A força dos pesadelos fenomenológicos do autor de O Homem do Castelo Alto e de Blade Runner é a simplicidade de meios narrativos. PKD não precisa de muitos floreios estilísticos para cortar até o osso do real. Ele não precisava escrever literariamente bem como um John Crowley, um Gene Wolfe, um Theodore Sturgeon.

Ele não tem as belas frases retóricas, cheias de sonoridade. Em vez disso, tem imagens inesperadas, vívidas. Inconcebíveis e ao mesmo tempo fáceis de imaginar, porque ele vestia suas discussões filosóficas em aventuras não menos absurdas do que as da pulp fiction que lia na juventude.

Como acontece no clássico Camp Concentration (1968) de Thomas M. Disch, as pessoas em Espere Agora Pelo Ano Passado usam uma droga com a qual adquirem uma percepção mais multiplex da realidade, mas ao preço da vida drasticamente encurtada. O uso da droga é mortal, e viciante desde a primeira dose. E um dos suspenses da história são as peripécias do protagonista para salvar sua vida e a da esposa, usando a droga para dar saltos meio imprevisíveis para o futuro e para o passado.

O grande personagem do livro, no entanto, é o tal governante da Terra, Gino Molinari, um personagem que no próprio livro é comparado com Abraão Lincoln, Benito Mussolini e Jesus Cristo. É o hipocondríaco líder: derruído, cansado de guerra, parecendo capaz de atrair para si os sofrimentos de todos os que o cercam. E ao mesmo tempo enérgico, despudorado, sátiro, veemente, idealista, maquinador, assustadoramente empático, um animal político nato.

Esse personagem deu origem a um interessante problema de tradução. Ao longo do livro, as pessoas de sua entourage o chamam “The Mole”, um apelido que é também a redução do seu nome de família.

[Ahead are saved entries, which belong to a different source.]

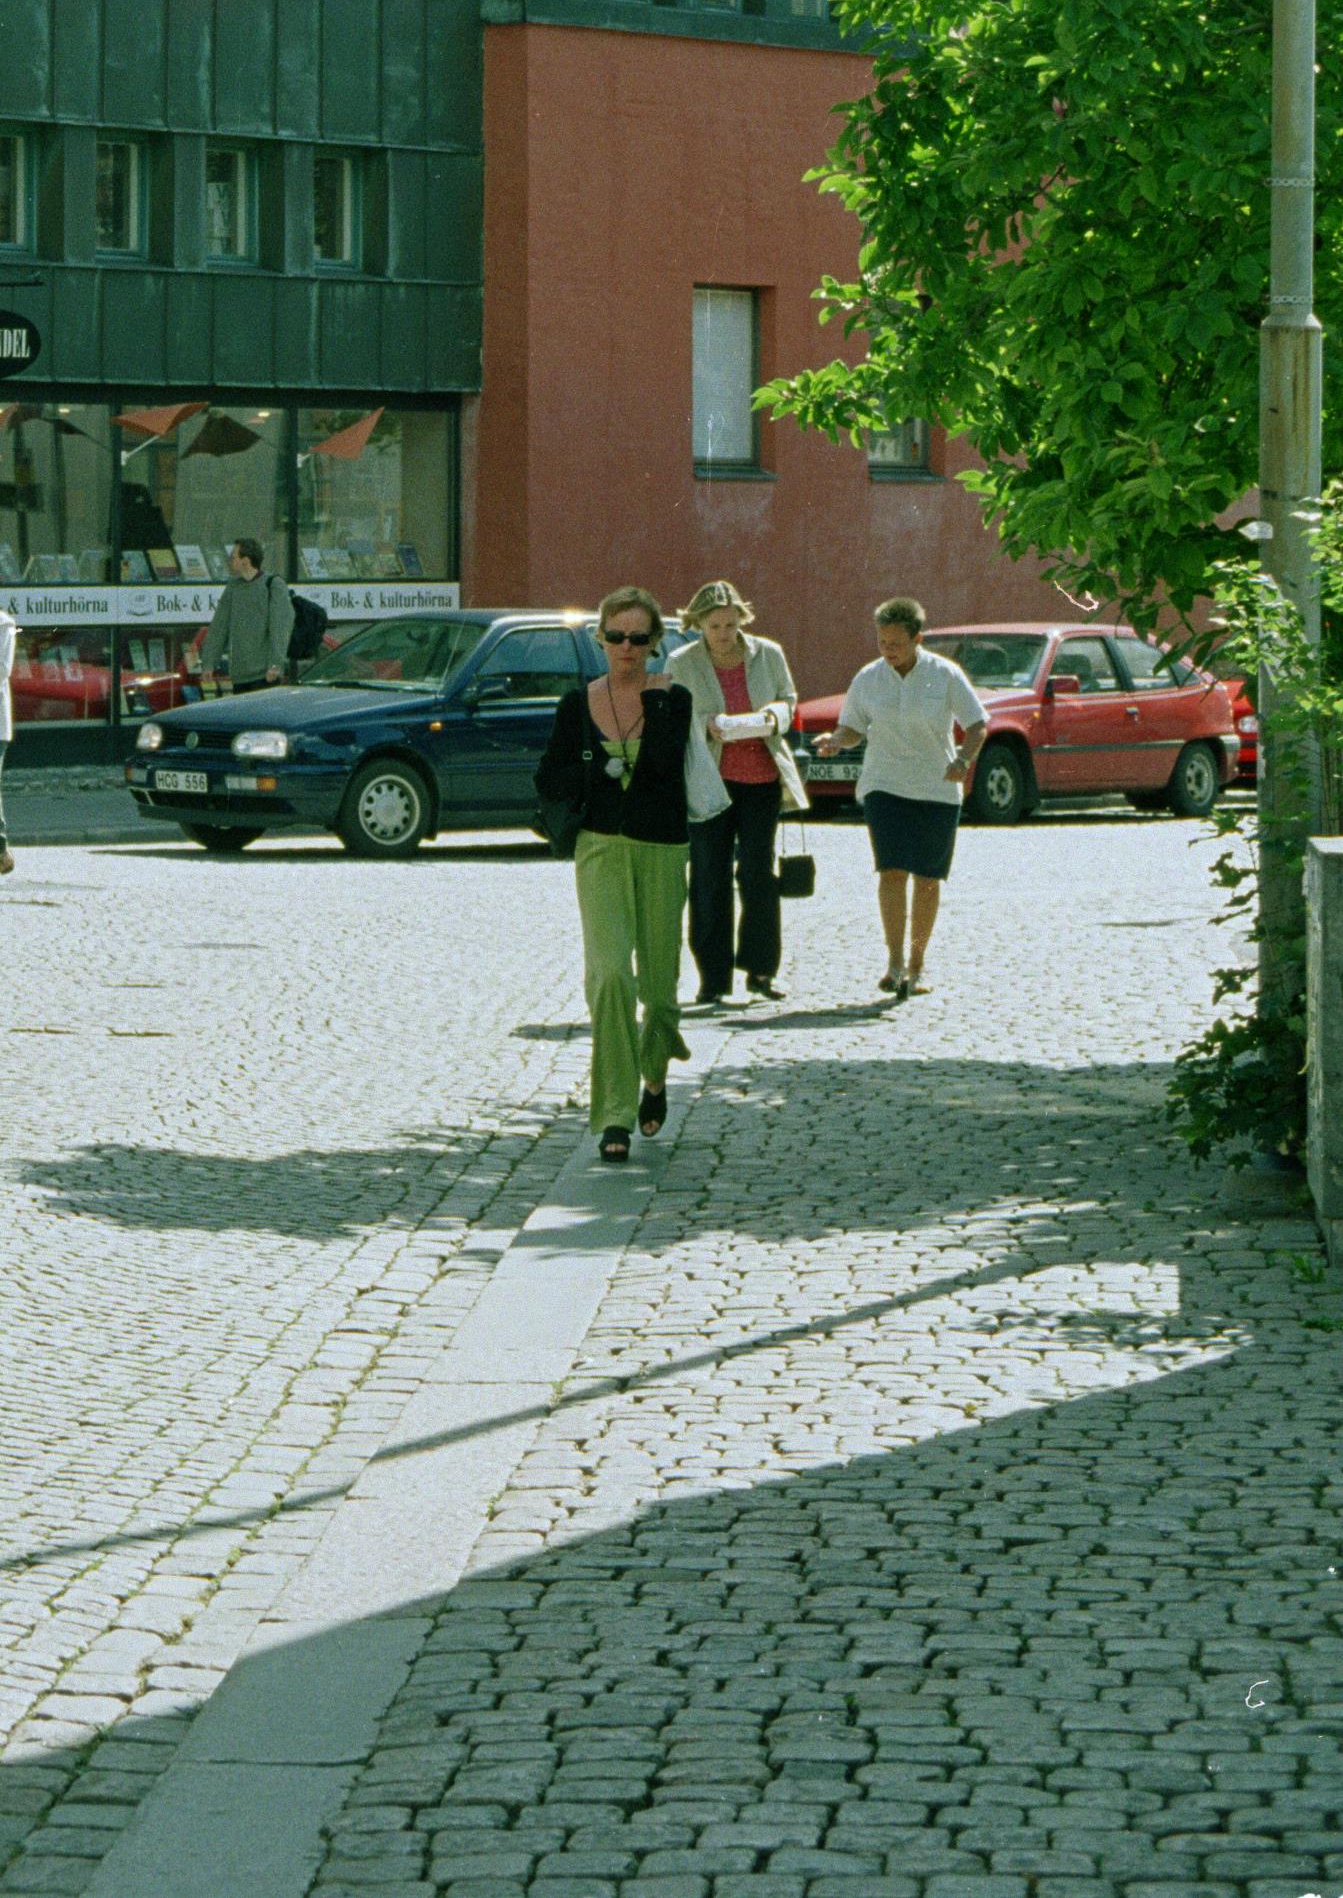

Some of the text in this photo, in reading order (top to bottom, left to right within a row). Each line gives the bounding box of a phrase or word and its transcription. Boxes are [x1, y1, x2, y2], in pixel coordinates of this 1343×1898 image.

[7, 597, 19, 615] &
[26, 594, 108, 615] kulturhörna
[157, 594, 188, 613] Bok-
[191, 594, 202, 613] &
[331, 588, 452, 610] Bok- & kulturhörna
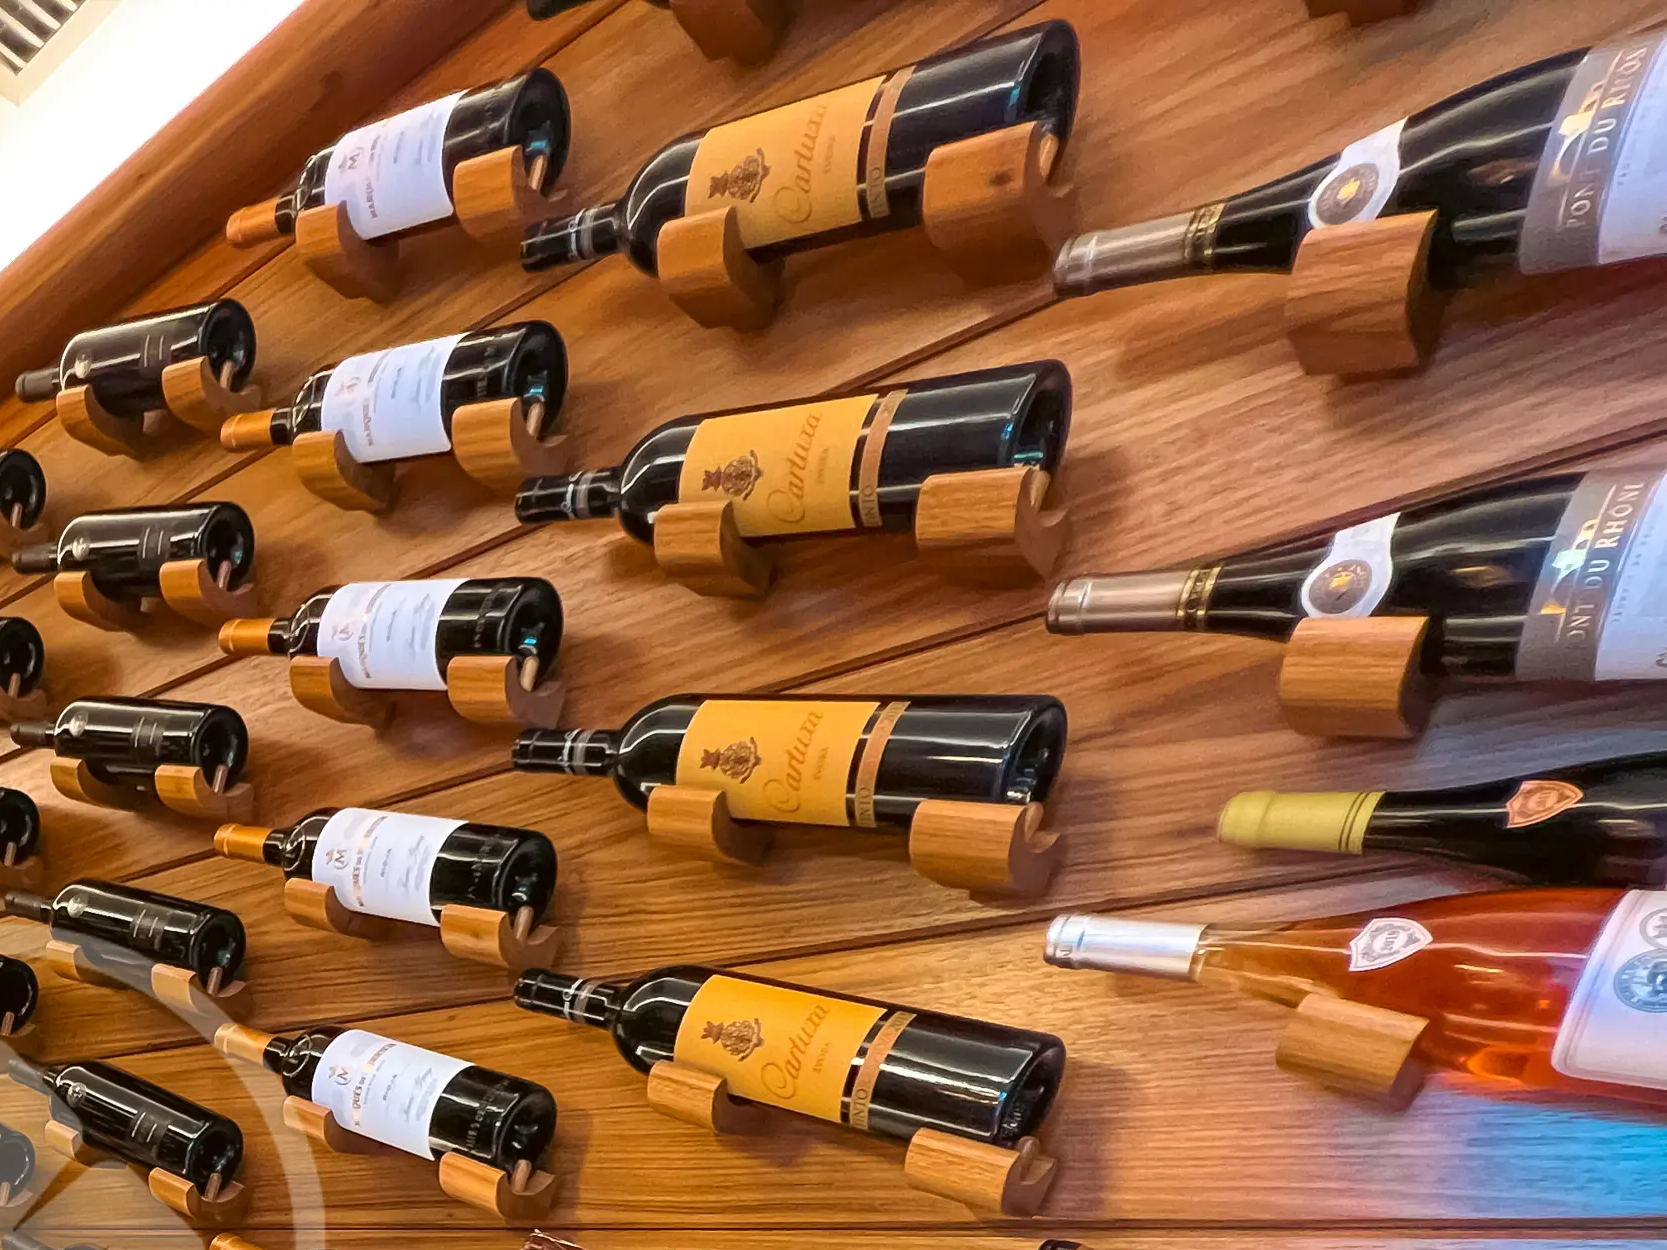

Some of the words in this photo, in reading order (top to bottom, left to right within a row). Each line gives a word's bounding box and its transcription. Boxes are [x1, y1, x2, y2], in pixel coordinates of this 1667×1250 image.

[1587, 116, 1618, 156] DU
[766, 411, 823, 524] Cartuxa
[1566, 602, 1596, 642] ONT
[1584, 558, 1611, 591] DU
[761, 709, 824, 814] Cartuxa
[760, 1002, 832, 1100] Cartuxa

Dos variados sentidos de “Mole” em inglês, achei que dois têm a ver com o personagem: espião (espião infiltrado, aguardando a hora de agir), porque ele age alternadamente a favor da humanidade e a favor dos aliados poderosos, sendo acusado de jogar a Terra numa guerra inútil; e molhe, que é uma espécie de dique ou represa. E que significa proteção, algo interposto barrando o perigo. Que é exatamente o papel de Molinari na história.

O problema é que a palavra “molhe”, apesar de correta, não é corrente, não é tão usada aqui (acho) como talvez seja em Portugal. Corri atrás da palavra e fiquei sabendo que um molhe é, sim, uma espécie de muro longo de contenção contra as águas. Uma ponta do molhe se situa em terra, e a outra no mar: esses dois detalhes o definem. Porque um quebra-mar é uma linha de muro com as duas pontas no mar, e um dique tem suas duas pontas fincadas em terra.

Então, onde no original havia algo tipo “He said: let´s talk to the Mole”, virou: “Ele disse: vamos falar com o Dique”. Eu considero que a palavra dique é mais rapidamente visualizada por um leitor comum, e isso compensa o fato do termo ser tecnicamente inexato  (porque não é um dique, é um molhe). E a função simbólica é a mesma.

Mas a palavra me serve também para outro sentido invocado: the mole, o espião.  Dique não é a mesma coisa (mas nada é nunca a mesma coisa, então bora) mas lembra Dick, o autor. Que não era um espião – mas sua vaibe é toda de agente-duplo intergaláctico transdimensional. Então encaixa.